In dem großen Kopf befand sich ein großer Mund, und dieser Mund öffnete sich wie ein Scheunentor. »Du warsch des also«, dröhnte es aus dem Mund. »Du!«

Eine scheppernde Bassstimme, aber es war kein Mann. Es war eine Frau, und sie schwankte, als sie ihren tonnenschweren Leib auf unseren Tisch zu bewegte.

»Du also«, keuchte sie. »Wart du nur …«

»Moment, Moment«, sagte ich.

Ich konnte mir nicht helfen, in diesem Augenblick musste ich an ein Bilderbuch aus meiner Kindheit denken. Es erzählte, wie die Soldaten Alexanders des Großen von den Elefanten der indischen Heere in Angst und Schrecken versetzt wurden. Alles an der Frau war breit und mächtig, ihre Hüfte, ihre Brust, von den Oberarmen ganz zu schweigen. Auf der Oberlippe sprossen dunkle Bartstoppeln, über dem Kehlkopf schaukelte träge ein mächtiges Doppelkinn. Hinter ihr feixten ihre Freunde, diese Clique von Bergstraßen-Mafiosi, die von ihren Mieteinnahmen leben wie die Maden im Speck und sich trotzdem nur Marias billigsten Landwein leisten.

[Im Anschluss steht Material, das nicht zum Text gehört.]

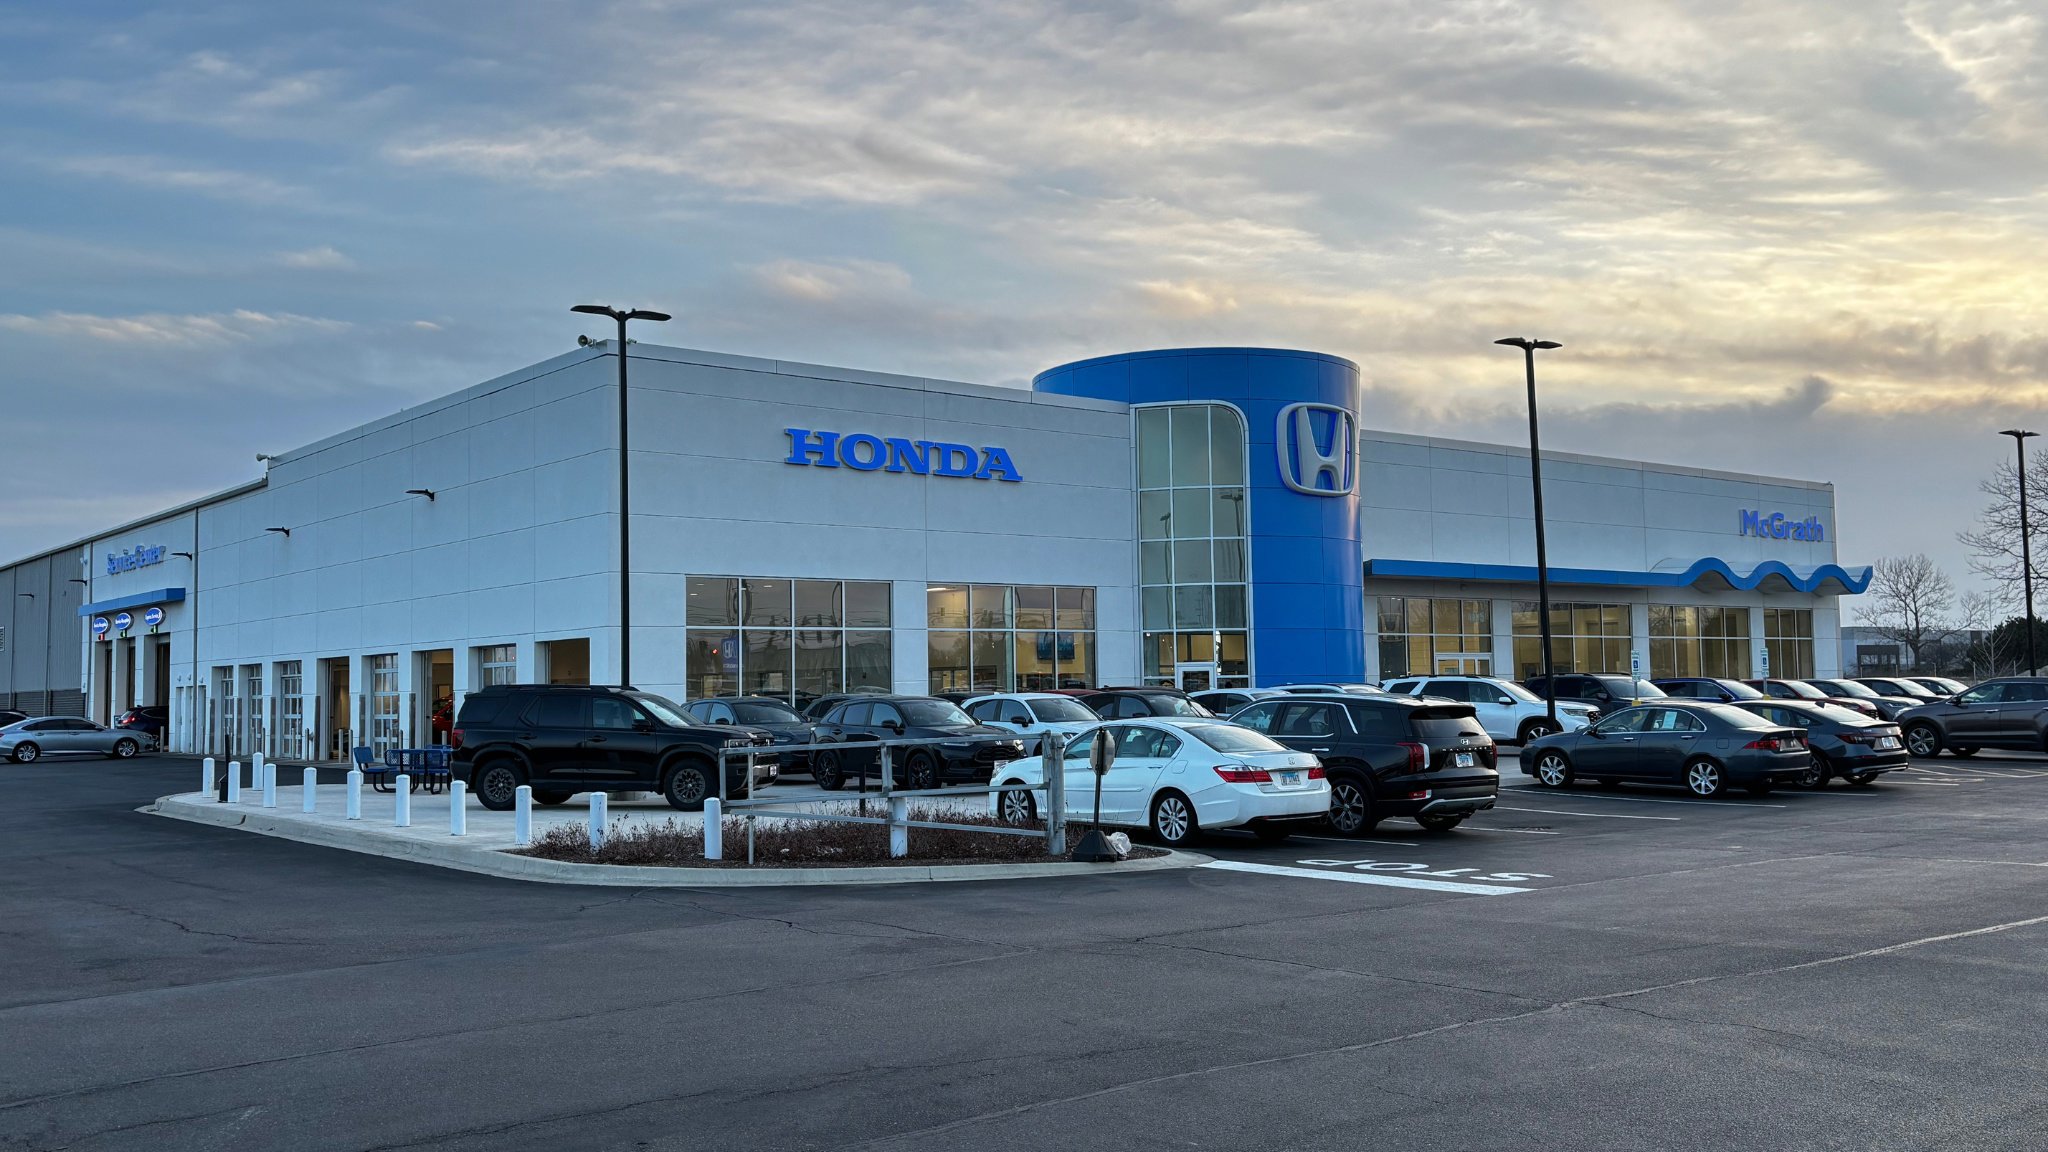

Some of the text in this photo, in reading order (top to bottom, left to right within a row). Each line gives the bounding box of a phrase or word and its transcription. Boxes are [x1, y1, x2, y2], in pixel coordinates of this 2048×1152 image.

[785, 428, 1023, 482] HONDA
[1739, 509, 1823, 542] McGrath
[1296, 859, 1554, 882] STOP

»Du warsch der Dorschgegnallde«, grollte die Natur­erscheinung, »vun dem mei Ängelin vazählt hett. Des ahme Schessica!«

»Was? Wie?«, stotterte ich.

»Des ahme Schessica.«

»Jessica?«

Sie rückte näher. Alles, was im Weg stand – Stühle, Tische, Gäste –, räumte sie mit rudernden Armbewegungen beiseite. »Kommt des Mäde geschdern hemm, flennt Rotz unn Wassa unn vazählt vun so nem Beglobbde uffem Rad, wos iwwerfahre hett. Is de ganze Dah nur noch am Flenne, des ahme Ding!«

»Das tut mir sehr leid«, stammelte ich hilflos, »aber …«

»Mensch, er war doch auf der Flucht«, sprang mir Tischfußball-Kurt dankenswerterweise bei. »Die halbe Polizei der Stadt war hinter ihm her.«

»Schessica«, schnaufte die Frau unbeeindruckt, »mei ahmes Schessica« – und schon befand ich mich in Reichweite ihrer astdicken Arme. Sie schien zum Äußersten entschlossen. Meine Revolutionäre wichen zurück, drückten sich an die Wand, und der mit der Nickelbrille hätte fast seine Zigarette verschluckt. Ich war starr wie ein Kaninchen im Scheinwerferlicht. Diese Tonne war doch kein Gegner! Da holte sie auch schon zum Schlag aus. Ich duckte mich, wich zur Seite aus und sprang über ein paar Stühle, bis ich hinter Herbert Deckung fand. Bevor sich entschied, ob mir das Weib nachsteigen würde, trat ihr Maria in den Weg. Und das war keine Selbstverständlichkeit. Denn die glatzköpfige Wirtin war zwei Köpfe kleiner als das tobende Monstrum und dreimal so leicht. Doch die Angst um ihr Mobiliar verlieh ihr Löwenkraft.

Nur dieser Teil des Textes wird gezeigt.